Wednesday, June 30, 2010

Evisceration by Keyboard


I feel nothing for 'The Last Airbender'. Nothing at all. I watch the trailer and get zip -- although, in fairness, I don't believe I've watched a trailer for TLA all the way through.

The stills look silly. I can't remember if I've seen a poster. I haven't thought about the movie. I have a severe disconnect with this product.

There's also a deadness in blog coverage. I haven't read speculations, hopeful gushings, or breathless write-ups about plans of seeing this one. Nobody seems to hate it, love it, or...whatever.

Honestly, I wasn't even aware the movie opens this weekend. Does it really? It's as if it's slinking into theaters with martial arts stealth.

Reviews are rolling in and they're much worse than I expected.

Kenneth Turan goes with:

By specifically critical and broadly adult standards, this film is undoubtedly a disappointment, but it is disappointing in a way that its intended audience may not notice.

That's not so bad. Par for the course when dealing with most kids films, really.

Neil Miller at Filmschoolrejects goes with the mighty and pounding:

To the fans of the original series: I am offended on your behalf.

As you might imagine, the offense was committed by the director, M. Night Shyamalan, but that’s not where it ends. On the whole, Paramount’s The Last Airbender is perhaps the most well-rounded failure of 2010. Whether it’s the wooden performances of its young cast, the action sequences, the community theater-level dialog, the story’s pace or even James Newton Howard’s score, nothing works. It’s as if Shyamalan of 10 years ago is playing a sick joke on fans, a joke with no punch-line and no room for laughs. For anyone wondering if, like The Happening, it’s so bad that it’s funny — it’s not.


Nice. I like that. 'The most well-rounded failure'. Sweet.

Roger Ebert says:

"The Last Airbender" (PG, 103 minutes). An agonizing experience in every category I can think of and others still waiting to be invented. Originally in 2D, retrofitted in fake 3D that makes this picture the dimmest I've seen in years. Bad casting, wooden dialogue, lousy special effects, incomprehensible plot, and boring, boring, boring. One-half of one star.

Agonizing in very category he can think of? Perhaps one of the more direct and pointed instances of evisceration by keyboard in recent memory.


A.O. Scott's intro put a smile on my face:

...there is a scene at the very end that gestures toward a sequel. After 94 minutes — was that all? I could have sworn it was days — of muddy 3-D imagery and muddled storytelling, the idea that this is just the first “Last Airbender” seems either delusionally optimistic or downright cruel.

That's good. Really.

But this! Oh, my! This is jaw-dropping:

An astute industry analyst of my acquaintance, who is 9 and an admirer of the Nickelodeon animated series on which the movie is based, offered a two-word diagnosis of its commercial prospects on the way out of the theater: “They’re screwed.”

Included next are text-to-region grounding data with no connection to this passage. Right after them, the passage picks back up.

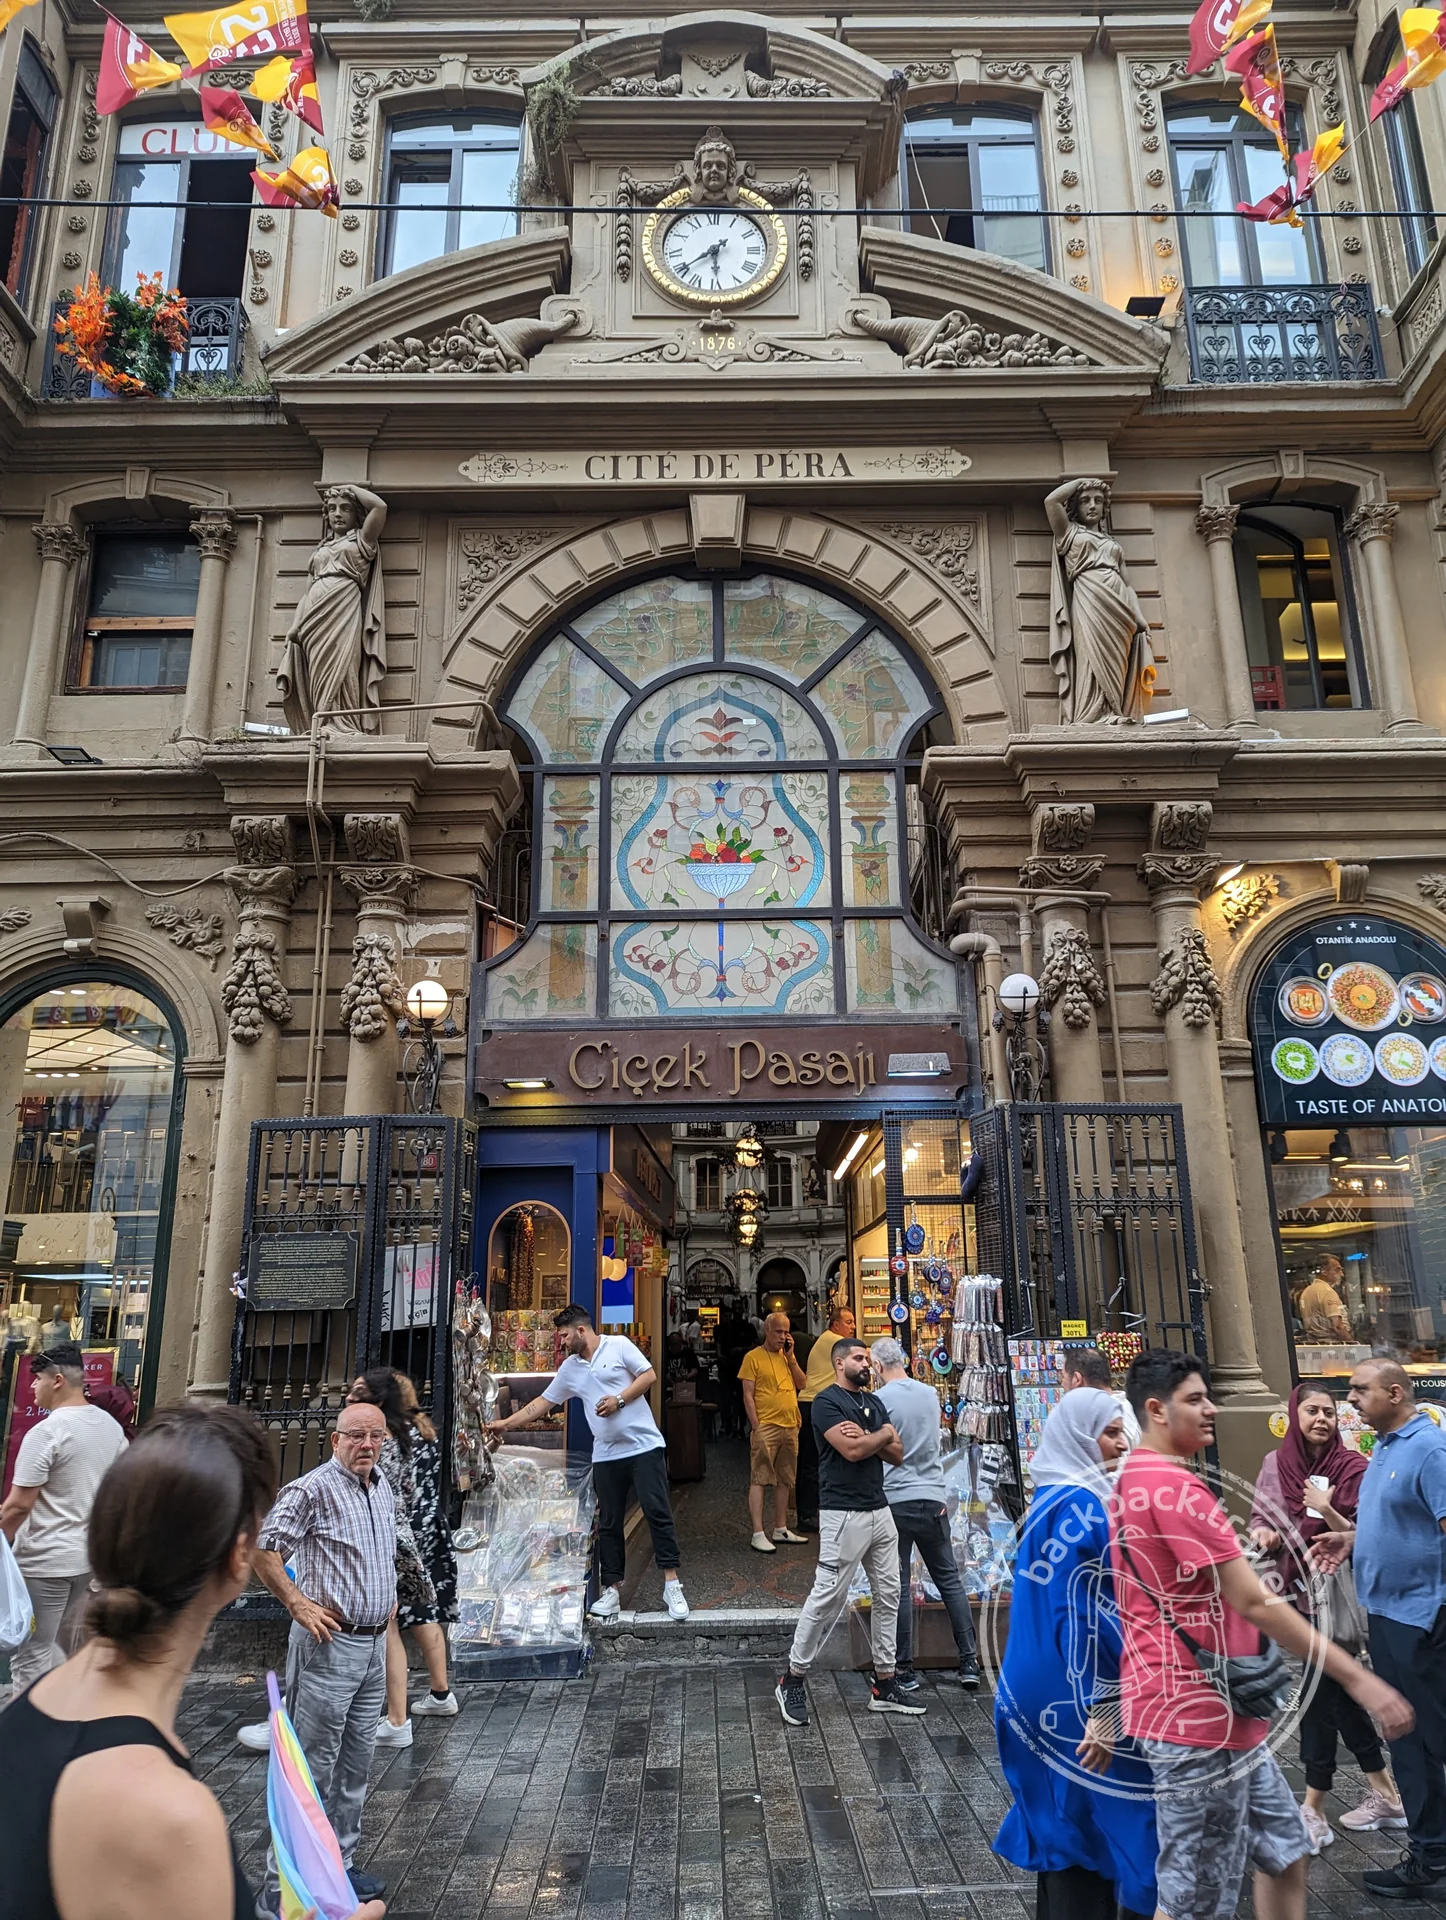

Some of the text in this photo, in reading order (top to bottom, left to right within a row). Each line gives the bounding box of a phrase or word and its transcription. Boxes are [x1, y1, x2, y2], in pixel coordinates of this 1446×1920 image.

[699, 336, 736, 351] 1876
[584, 450, 856, 480] CITÉ DE PÉRA
[1315, 935, 1397, 945] OTANTİK ANADOLU
[1295, 1099, 1349, 1114] TASTE
[1352, 1099, 1376, 1114] OF
[83, 1363, 103, 1371] KER
[25, 1406, 35, 1417] 2.

!!!!!!!!!!! Holy freaking crap. A nine-year-old kid -- the very heart of the movie's targeted demo -- says 'They're screwed'. I love that. Love it. Screwed...

I really wonder whether M. Night Shyamalan can deliver another good movie. Or, if that's too much to ask, a movie which is bad by less than a whole bunch. I remember the joy and awe of seeing 'The Sixth Sense' those many years ago. I thought: Here's a moviemaker to watch. Here's someone who gets it. I simply could not wait for the next film from this mysterious looking master of storytelling.

That next movie was 'Unbreakable', which left me cold, but I held out hope. Following that came 'Signs' with its laughable story. (Why, again, would aliens who dissolve in water hide in [an irrigated] corn field on a planet more than half covered with oceans)? Then, in quick succession, came 'The Village', 'Lady in the Water', and 'The Happening' -- a one-two-three punch to the moviegoer's midsection, a trio of films which slice and dice intellect into bite-sized pieces -- three movies, each sillier in their plot contortions and more desperate to engage the audience than the last.

Now, these many years after the lush and layered beauty of 'The Sixth Sense', the man's name has become synonymous with, well, offensive dreck. Poor storytelling. Embarrassing movies with silky-smooth camera technique and plots that gleefully ignore fundamental logic. Twist endings for the addled of mind. Wicked bad press. And, worst of all, offensive dreck. Oh, sorry. Said that already. Guess I'm repeating myself.